Analyses of taste responses in single cells in the PbN showed that temporal coding provided a significant advantage over rate coding in nearly every cell in spite of significant trial-to-trial variability in response magnitude. In particular, spike timing contributed a significant amount of information about taste quality above and beyond that contributed by spike count alone in 48% of the cells. In another 48% of the cells, the rate envelope of the response was more informative than spike count. Comparison with previously published data recorded from taste-responsive NTS cells (Di Lorenzo and Victor 2003, 2007) provided evidence that PbN cells show significantly more trial-to-trial variability than NTS cells. Even so, the distribution, amount, and proportion of information contributed by the temporal features of taste responses were similar to those observed in the PbN in the present study. The temporal precision with which spike timing conveyed information was also similar in NTS and PbN. Further, results showed that broadly tuned PbN cells, like those in the NTS (Di Lorenzo and Victor 2003; Di Lorenzo et al. 2009a), generally encode more information using spike timing than cells that are narrowly tuned. Altogether, these data imply that PbN cells use the temporal features of taste-evoked spike trains to convey information about taste quality and that this information is transmitted from the NTS to the PbN with high fidelity, even in the face of an increase in trial-to-trial variability in response magnitude.

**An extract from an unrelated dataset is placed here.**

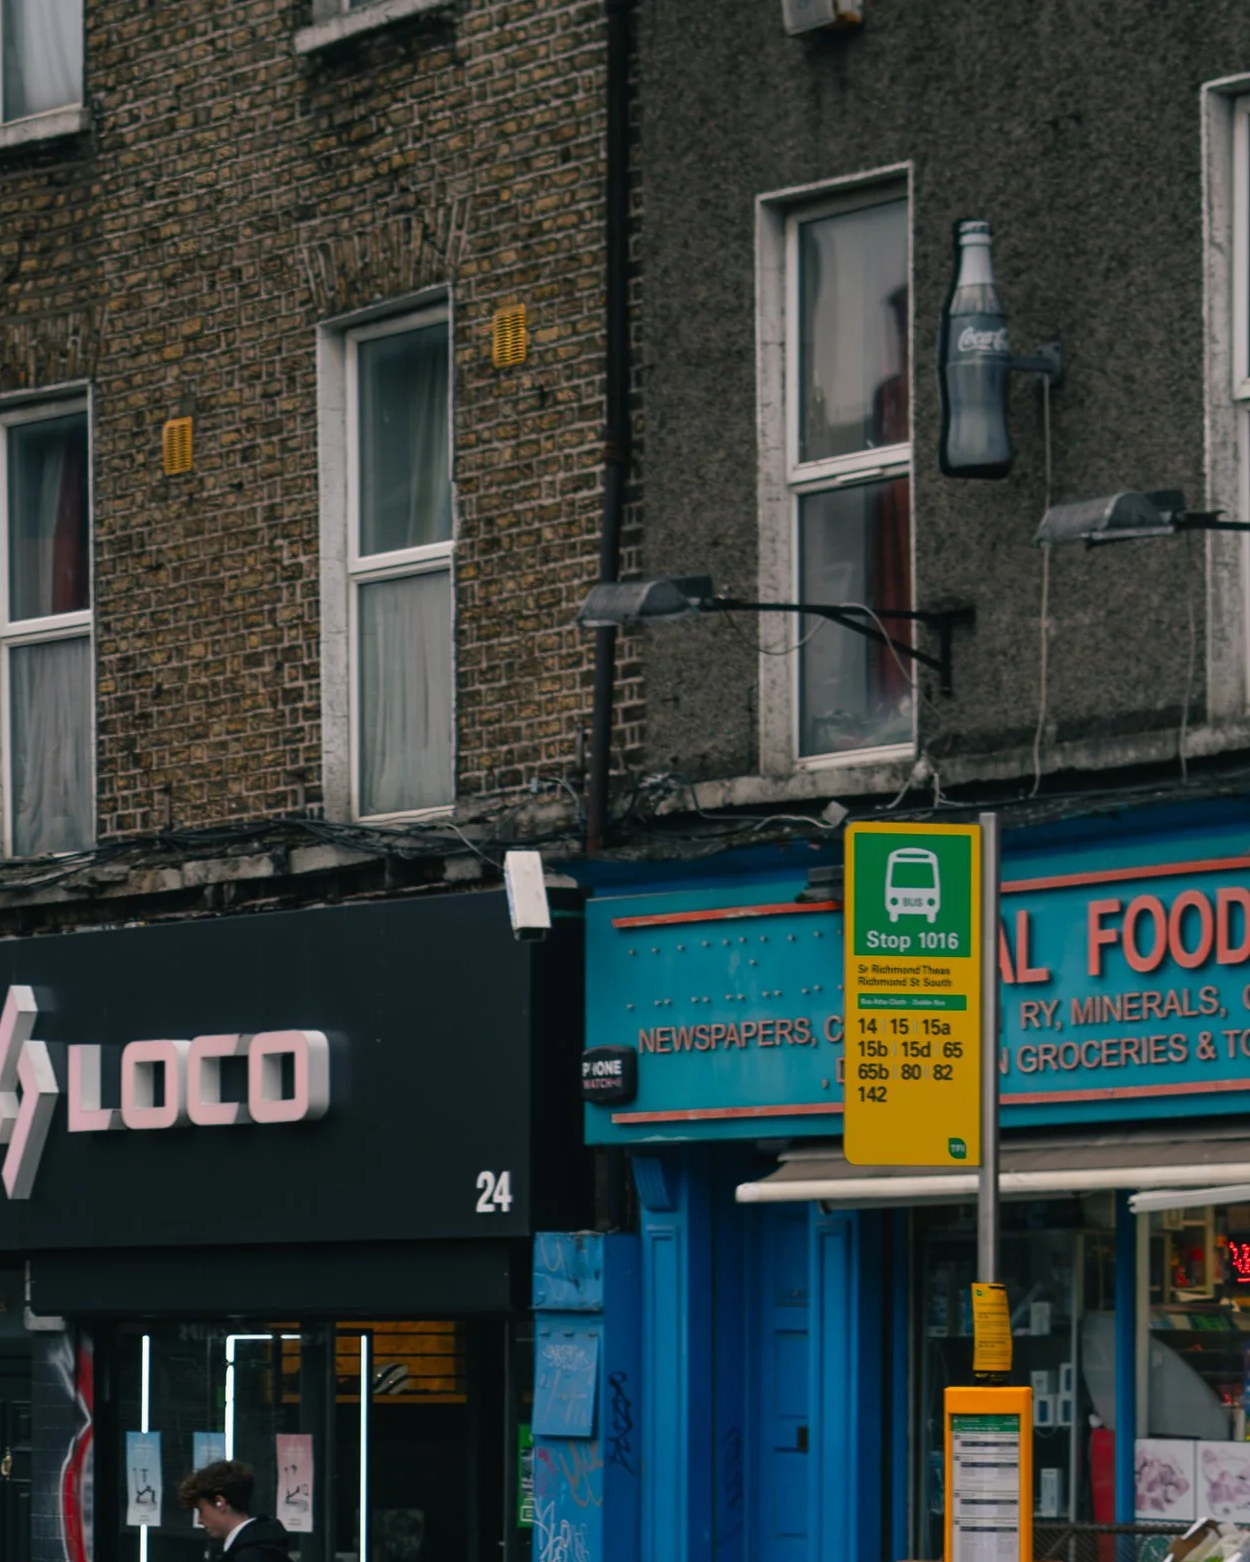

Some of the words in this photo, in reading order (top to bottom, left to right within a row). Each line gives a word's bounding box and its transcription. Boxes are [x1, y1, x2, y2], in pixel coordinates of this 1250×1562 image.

The widespread incidence of temporal coding among PbN cells reported here points to the temporal features of taste responses in this region as an informative, but relatively neglected, aspect of taste responses. While the presence of temporal coding has been well documented in the NTS (Di Lorenzo and Victor 2003; Roussin et al. 2008), few reports have touched on this issue in the PbN, and none have quantified the information contributed by temporal coding. Early on, Perrotto and Scott (1976) and Scott and Perrotto (1980) described taste quality-specific time courses (rate envelopes) of the average peristimulus-time histogram (PSTH) of PbN responses. Perrotto and Scott (1976) also noted that the ratio of the magnitude of the phasic component of the response (usually the number of spikes in the second 100-ms time bin of the PSTH) to the later tonic component (number of spikes in 0.3–1.3 s of the PSTH) of the response varied systematically according to taste quality. More detailed analyses of taste responses in the rabbit PbN using principal components analyses of the normalized responses, however, suggested that only the hedonic valence (pleasant or unpleasant) of a tastant could be signaled by the time course of response (Di Lorenzo and Schwartzbaum 1982). By examining the fine temporal characteristics of spike trains, the present data further suggest that the time course of response can also convey information about taste quality in about half of the population of PbN cells. Later, Erickson et al. (1994) used a fuzzy set approach to derive prototypical time courses from PSTHs across cells. Each taste response was then assigned a “loading” that measured the association of that response with each of the prototypical time courses. With the use of this method, the time courses of each cell's response could be accurately reconstructed. From these data, Erickson et al. (1994) speculated that the prototypical time courses originated in the receptor and that the actual time course of any given response was the result of the convergence of inputs originating from different receptor processes. In effect, the argument was that the time course of response was not a function of the cell but of the interaction of various peripherally derived processes. While this idea is not at all inconsistent with the present data, we show that spike timing, as well as the time course of response, can be used to distinguish among tastants of different qualities.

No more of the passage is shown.